Polokwane – The NPA notes the decision of the Polokwane High Court to strike the matter off the roll on 4 August 2015. The matter was struck off the roll in terms of Section 342A(3)(c) of the Criminal Procedure Act 51 of 1977. The relevant subsection empowers the Court to strike a matter off the roll in circumstances where an accused has not pleaded to the charge(s) and where the Court believes that there has been unreasonable delay in finalising the matter. In this regard, the delay was not attributable to the State.

The Prosecution Team, led by Advocate Andrew Laka SC, of the Pretoria Bar, prepared thoroughly for the trial and were ready to proceed on 3 August 2015. The Prosecution had consulted extensively with witnesses who were ready and available.

In order to understand the circumstances that led to the matter being struck off the Court roll it is necessary to outline the history of the matter briefly.

The accused, with the exception of accused 4, Mr Julius Sello Malema, first appeared in Court on 25 September 2012, with accused 4 appearing the very next day. Their matter was thereafter adjourned to 30 November 2012 for the Prosecution to disclose the contents of the police investigation docket and the charge sheet.

On 30 November 2012 the matter was adjourned to 23 April 2013 so as to afford the accused an opportunity to consult with their respective legal representatives. The matter was thereafter adjourned to 27 July 2013 in order to obtain a High Court date, which resulted in the matter being set down for trial from 18 to 29 November 2013.

Three (3) days prior to the commencement of the trial, Mr Malema, through his lawyers, submitted representations to the then National Director of Public Prosecutions, Mr Mxolisi Nxasana, for the charges to be withdrawn against him. On 11 August 2014, Mr Nxasana informed Mr Malema that his representations were unsuccessful and that he must stand trial as per the charges listed in the indictment.

The matter had subsequent thereto been postponed for trial from 30 September to 31 October 2014. On 30 September 2014 the matter could not proceed due to the unavailability of accused 5’s legal representative. The matter was consequently adjourned for trial to the period of 3 August to 10 September 2015. All the accused confirmed their readiness for trial for the latter date.

On 29 July 2015, three (3) court days before the trial date, the National Director of Public Prosecutions, Adv Shaun Abrahams, received representations from the legal teams representing accused 1 – 4, namely, On Point Engineering (Pty) Ltd, Mr Lesiba Cuthbert Gwangwa, Gwama Properties and Mr Malema to consider dropping all the charges against them.

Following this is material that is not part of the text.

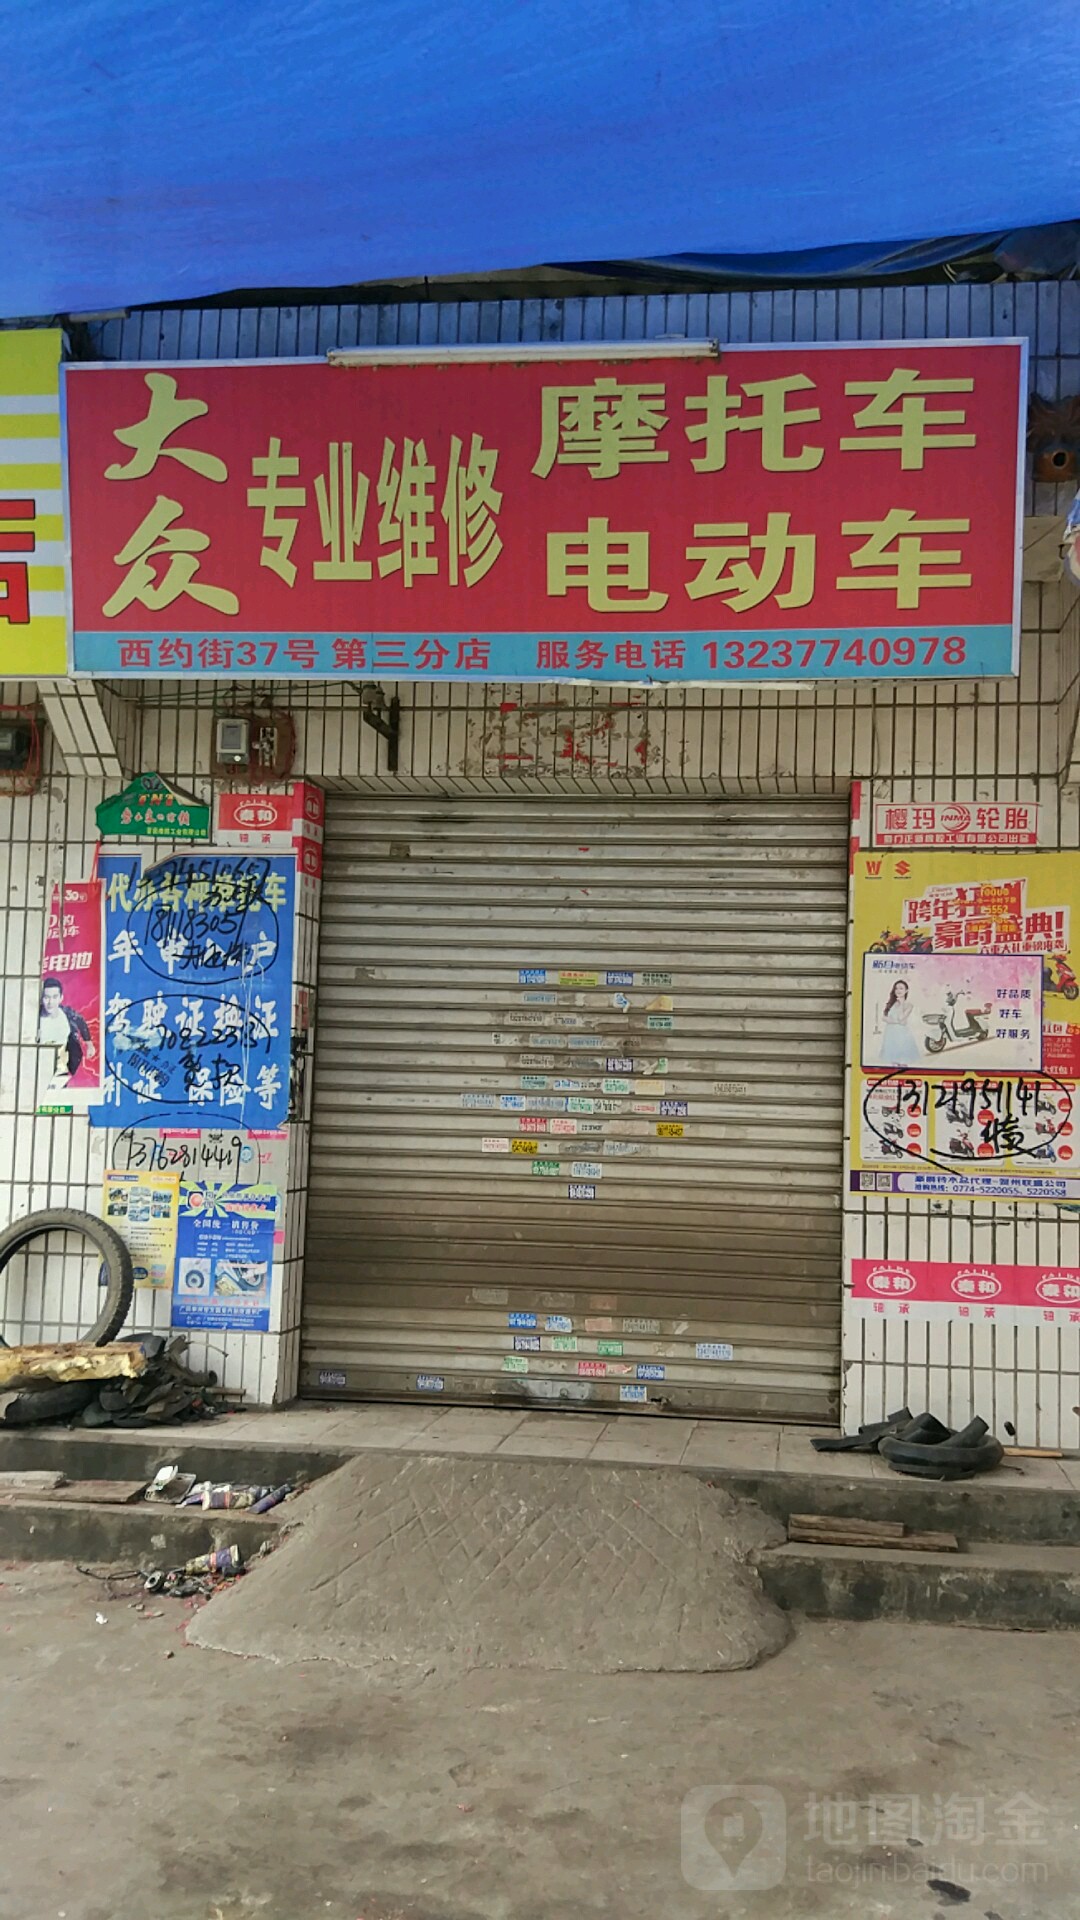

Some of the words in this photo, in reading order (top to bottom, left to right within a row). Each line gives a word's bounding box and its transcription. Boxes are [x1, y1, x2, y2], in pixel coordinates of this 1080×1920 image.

During the afternoon of 2 August 2015, the National Director, after applying his mind, informed the legal representatives of the aforementioned accused that their representations were unsuccessful and that their trial must proceed as scheduled.

Around 22h00, late at night, on the 2 August 2015 the Prosecution Team were advised that accused 5, Mr Kagiso Dichebe, has been hospitalised due to a stress related medical condition and that he would as a result be unable to attend his trial. On 3 August 2015 a medical certificate was tendered on his behalf which indicated his medical unfitness to stand trial until 23 August 2015.

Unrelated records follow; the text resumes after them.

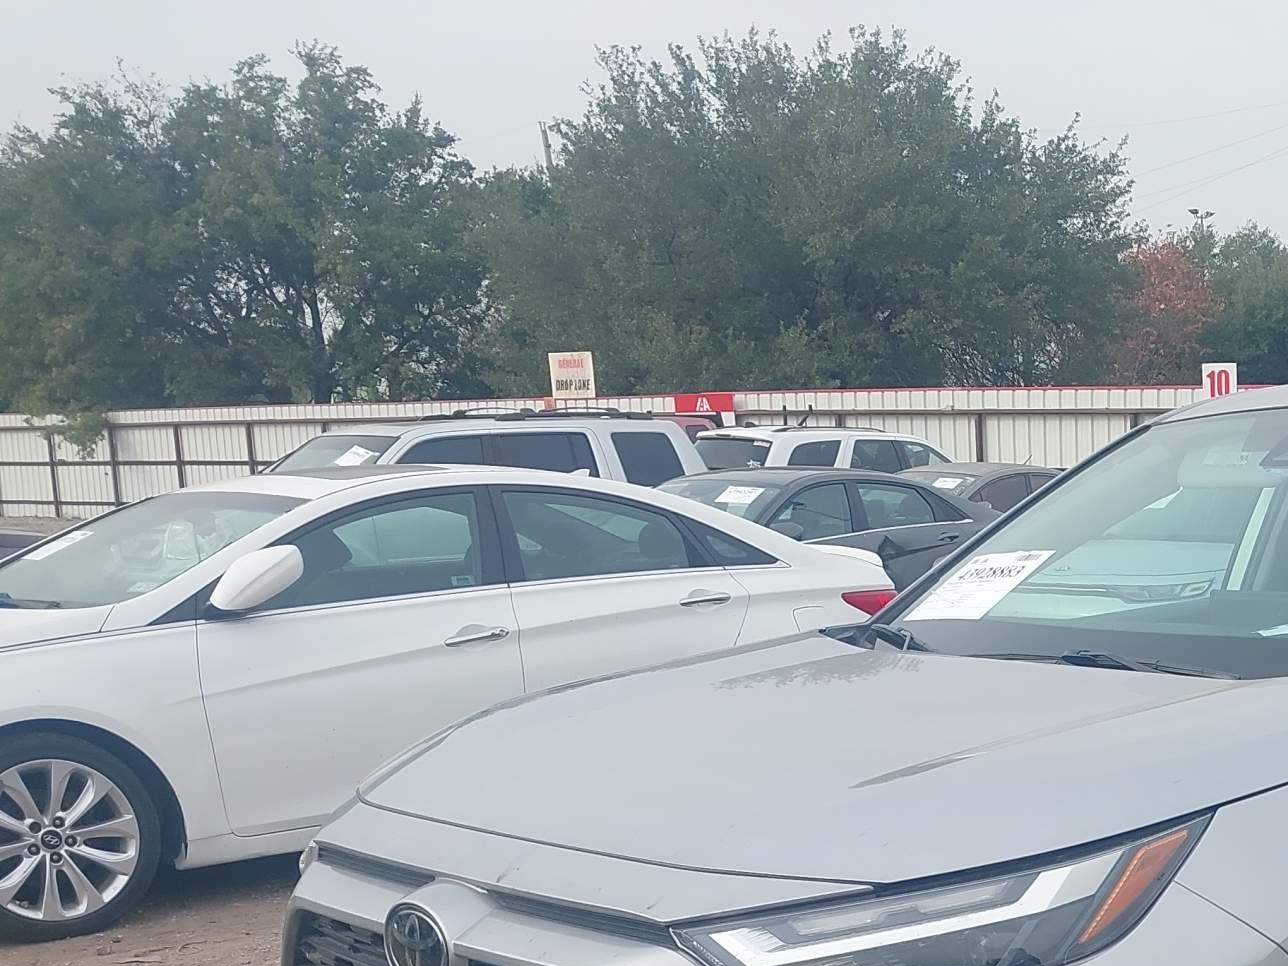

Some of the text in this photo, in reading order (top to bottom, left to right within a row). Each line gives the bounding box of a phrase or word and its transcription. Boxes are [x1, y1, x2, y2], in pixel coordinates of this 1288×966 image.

[558, 358, 585, 369] GENERAL
[555, 379, 574, 391] DROP
[1206, 369, 1230, 397] 10
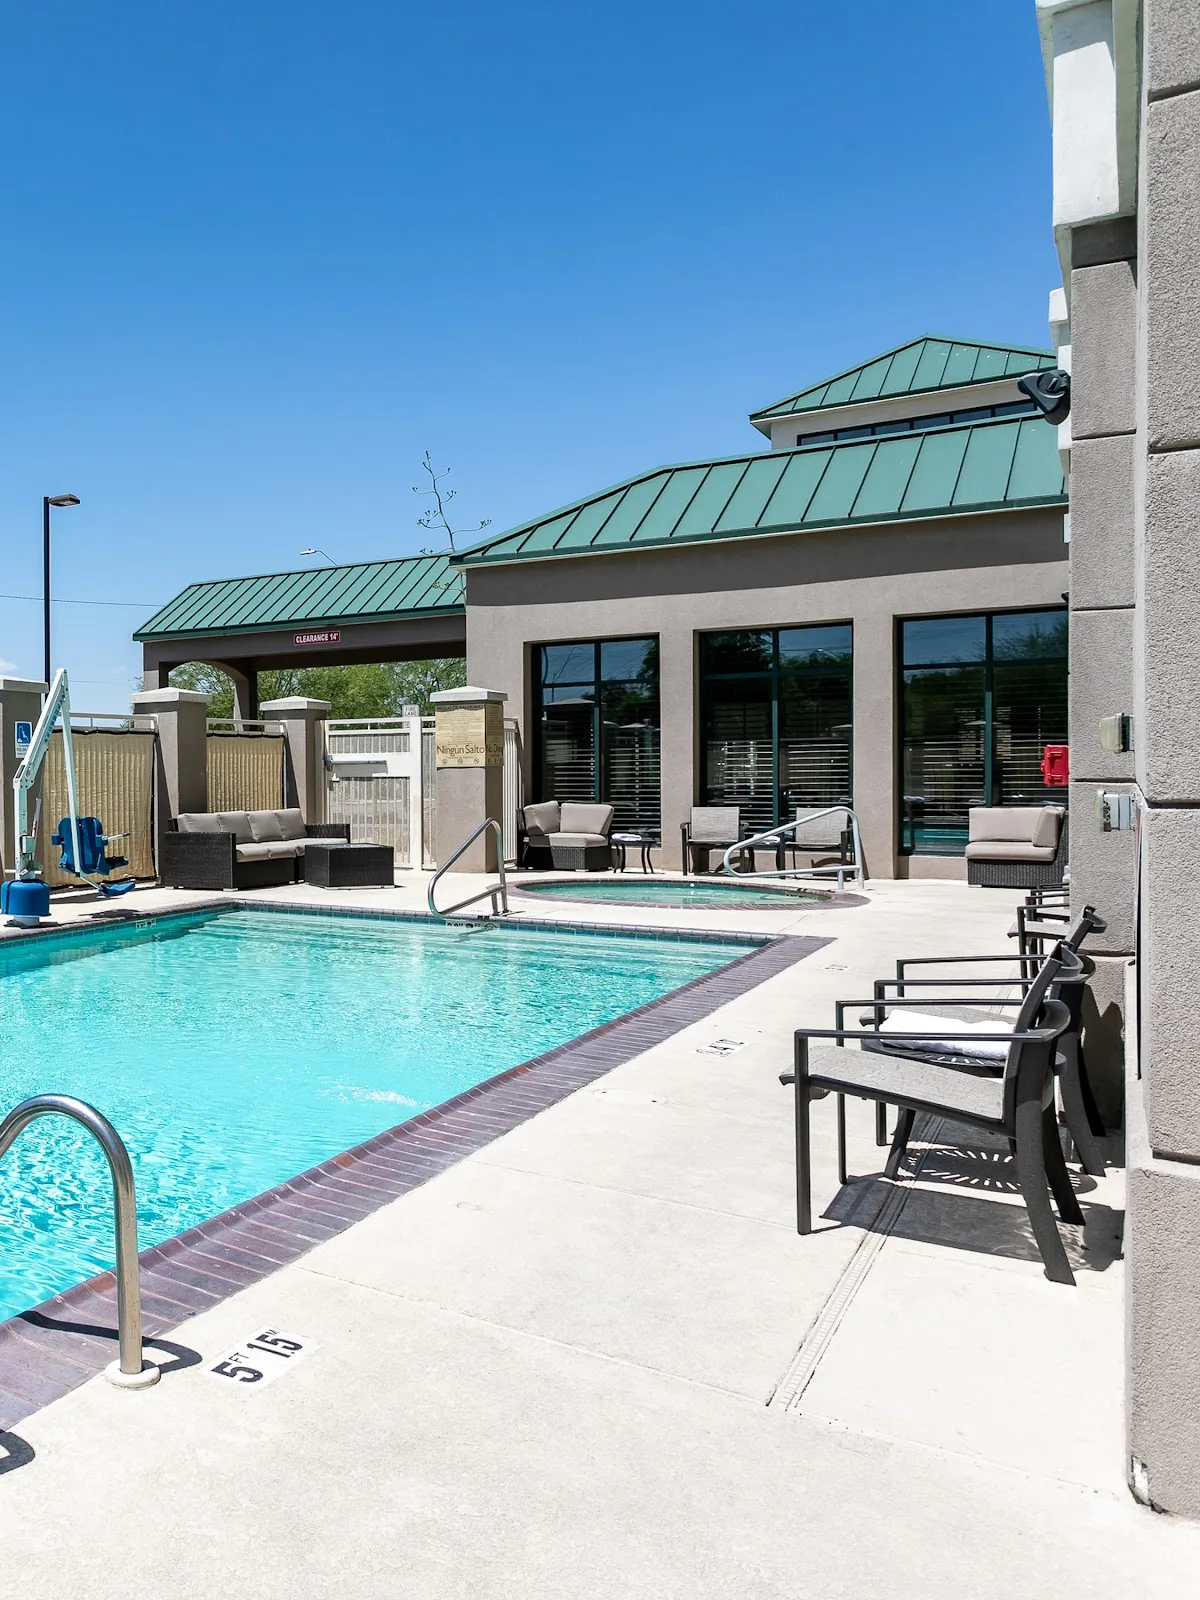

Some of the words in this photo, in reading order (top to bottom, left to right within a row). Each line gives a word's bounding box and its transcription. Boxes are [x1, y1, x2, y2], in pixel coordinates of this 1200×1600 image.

[295, 633, 329, 644] CLEARANCE
[436, 744, 464, 757] Ningún
[465, 744, 485, 754] Salto

The legal representatives of Accused 4, Mr Malema requested that Mr Dichebe’s matter be separated from that of the other accused and that the trial continues. The Prosecution team could not accede to this request as it would have been gravely prejudicial to the States case, particularly, in relation to the Racketeering charges. A decision to separate accused 5’s matter from that of his co-accused would not have been in the interests of the proper administration of justice, given the nature of the charges against all the accused.

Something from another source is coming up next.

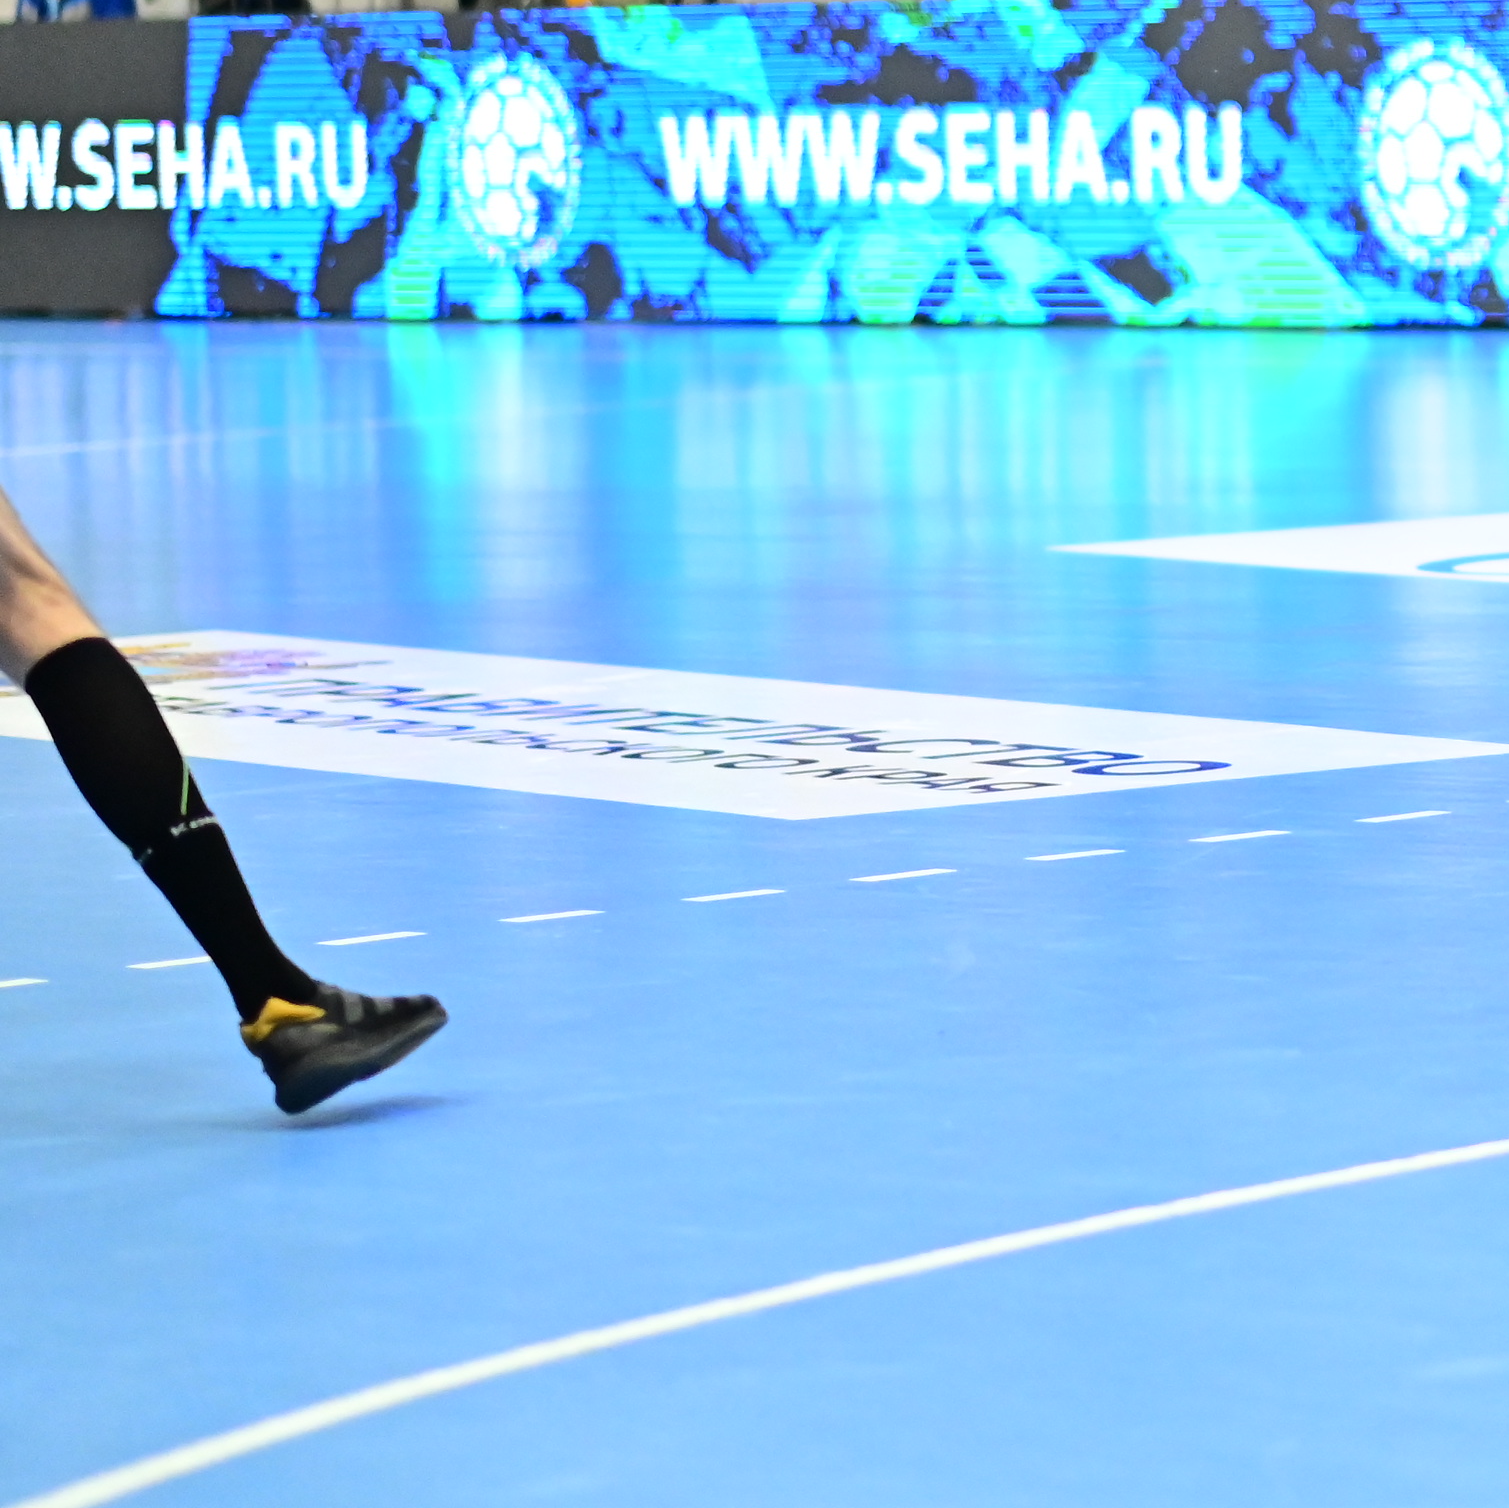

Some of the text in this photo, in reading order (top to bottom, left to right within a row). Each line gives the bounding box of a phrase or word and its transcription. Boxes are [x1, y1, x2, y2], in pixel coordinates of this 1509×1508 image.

[0, 117, 367, 211] W.SEHA.RU
[658, 105, 1243, 206] WWW.SEHA.RU
[150, 695, 1061, 794] ТАВРОПОЛЬСКОГО КРАЯ

Considerations were also given to proceeding with the matter in the absence of accused 5 in terms of section 159(2)(b) of the Criminal Procedure Act. This could not be pursued as the trial had not commenced as none of the accused had pleaded to the charges listed in the indictment. This too, would not have been in the interests of the proper administration of justice given the nature of the charges.

The NPA will request the Investigating Officer to monitor the medical condition of accused 5 and will re-evaluate the evidence before making a decision on the matter.

The NPA also deems it prudent to address the Cape Times’ article, “Malema wants farm after fraud case struck off roll”. The NPA obtained an order forfeiting the farm to the State on 18 March 2013 in terms of section 48 of the Prevention of Organised Crime Act, 121 of 1998.

This chapter of POCA operates independently of a possible prosecution. It provides that the state can forfeit any property if can prove that the property is actually the proceeds of crime.

All the parties with an interest in the farm were given ample notice of the application by the Asset Forfeiture Unit’s (AFU), and all of them elected not to oppose the application. They were Mr Gwangwa, his company Gwama Properties and Mr Malema who was alleged to be the real owner.

The farm has since been publicly auctioned and the proceeds thereof paid into the Criminal Assets Recovery Account (CARA).